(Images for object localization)
========

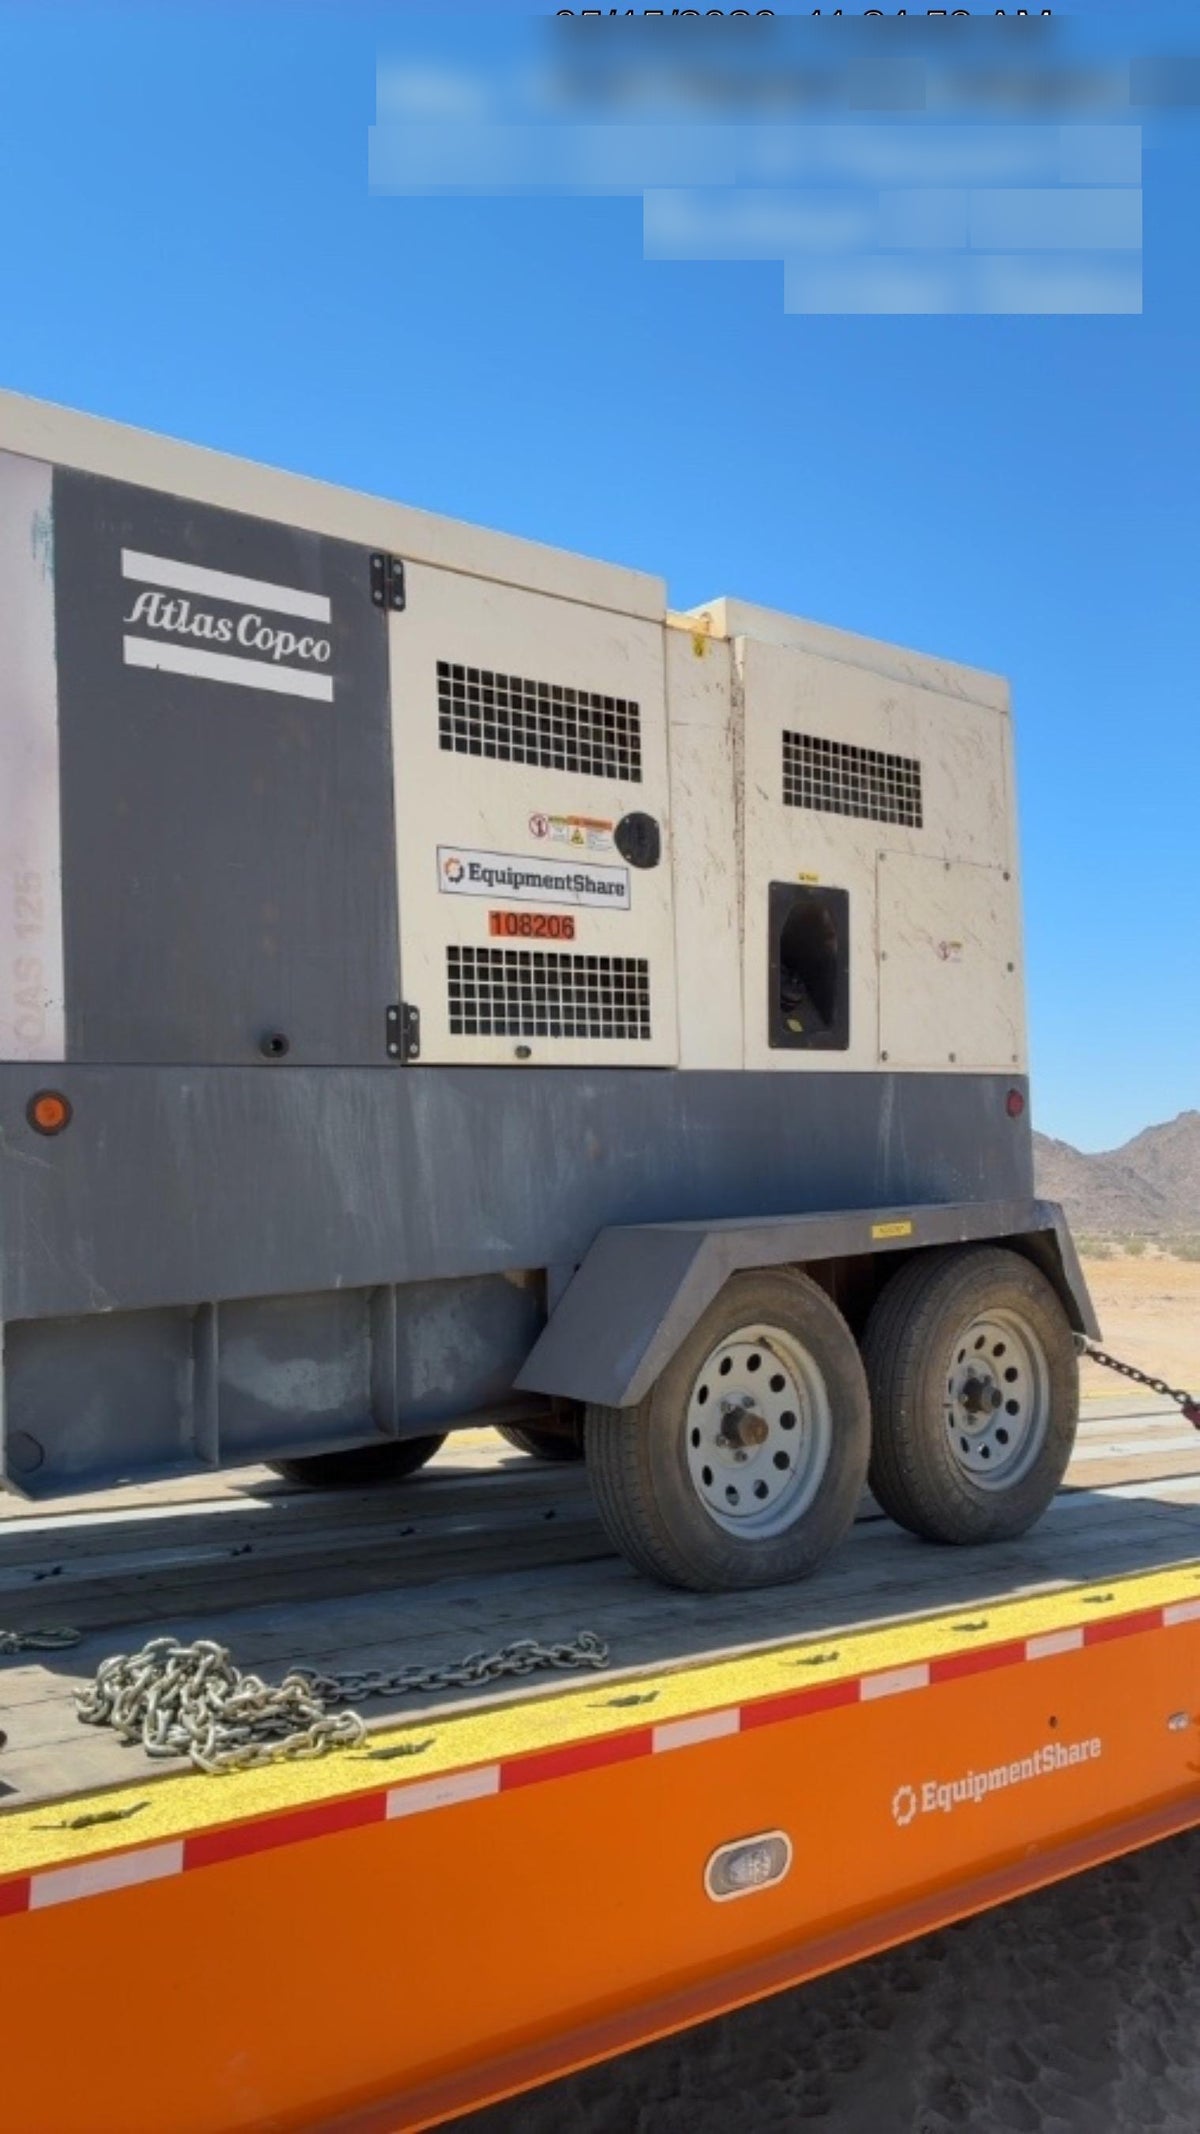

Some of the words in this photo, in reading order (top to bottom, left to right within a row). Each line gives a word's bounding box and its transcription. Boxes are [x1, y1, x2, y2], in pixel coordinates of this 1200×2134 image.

[123, 591, 233, 642] Atlas
[236, 613, 331, 662] Copco
[13, 871, 44, 942] 125
[467, 862, 625, 896] EquipmentShare
[490, 912, 575, 940] 108206
[921, 1736, 1102, 1812] EquipmentShare
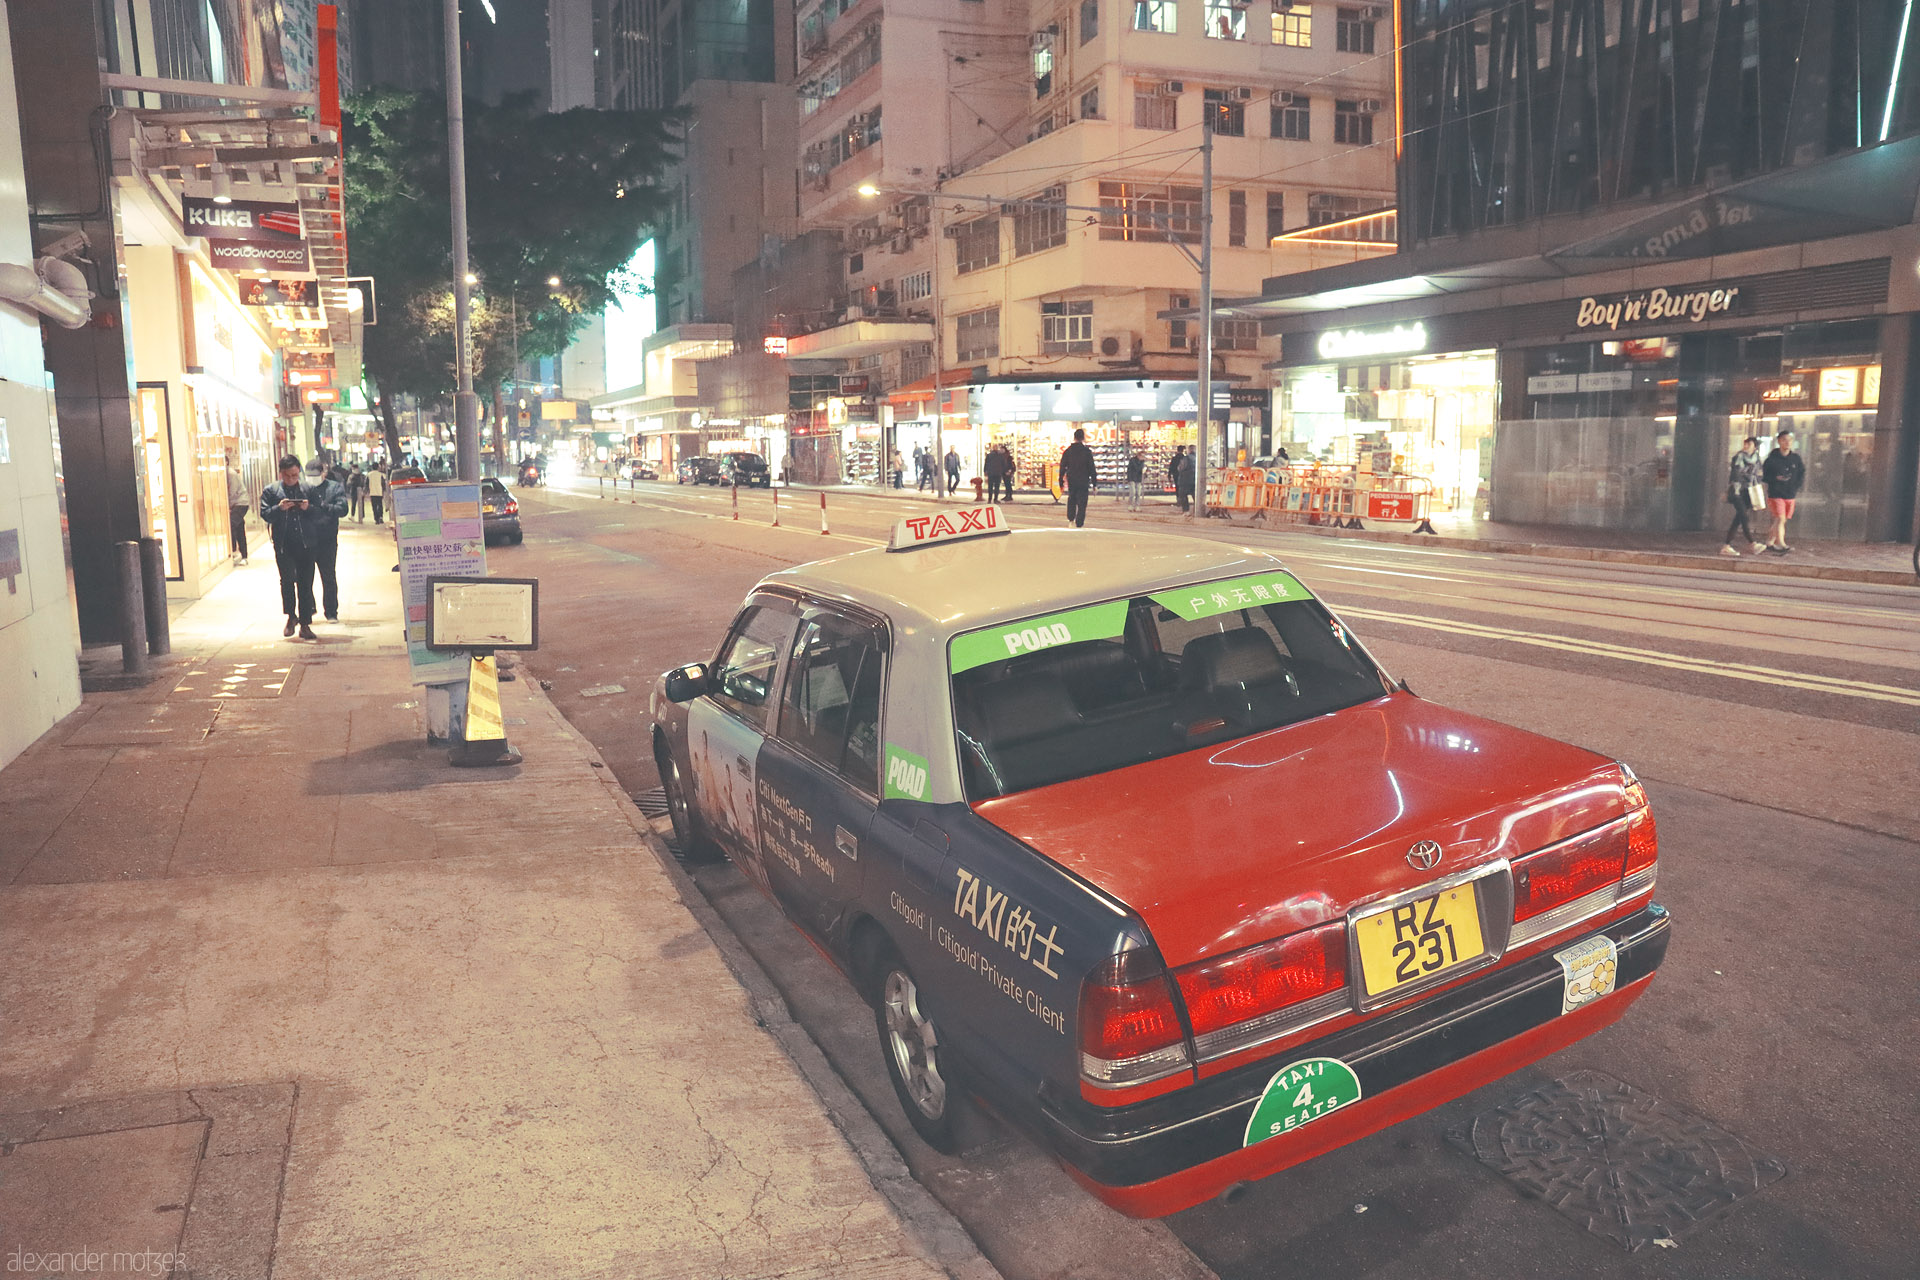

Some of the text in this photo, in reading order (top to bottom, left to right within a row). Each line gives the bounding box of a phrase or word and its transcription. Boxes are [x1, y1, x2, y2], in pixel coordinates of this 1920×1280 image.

[1370, 493, 1412, 501] PEDESTRIANS
[1381, 508, 1400, 519] 行人
[905, 506, 997, 540] TAXI
[1003, 622, 1072, 655] POAD
[887, 755, 927, 799] POAD
[1392, 893, 1445, 942] RZ
[1392, 924, 1458, 983] 231
[980, 956, 1023, 1004] Private
[1026, 990, 1065, 1035] Client
[1277, 1062, 1324, 1091] TAXI
[1292, 1082, 1315, 1108] 4
[1270, 1096, 1338, 1134] SEATS

========

> **Task to complete**: Nothing but the lines from the one with "Some of the text" through the final line of the records may appear in the answer, and each must be transcribed exactly.

> **The answer**:
Some of the text in this photo, in reading order (top to bottom, left to right within a row). Each line gives the bounding box of a phrase or word and its transcription. Boxes are [x1, y1, x2, y2], in pixel coordinates of this 1920×1280 image.

[1370, 493, 1412, 501] PEDESTRIANS
[1381, 508, 1400, 519] 行人
[905, 506, 997, 540] TAXI
[1003, 622, 1072, 655] POAD
[887, 755, 927, 799] POAD
[1392, 893, 1445, 942] RZ
[1392, 924, 1458, 983] 231
[980, 956, 1023, 1004] Private
[1026, 990, 1065, 1035] Client
[1277, 1062, 1324, 1091] TAXI
[1292, 1082, 1315, 1108] 4
[1270, 1096, 1338, 1134] SEATS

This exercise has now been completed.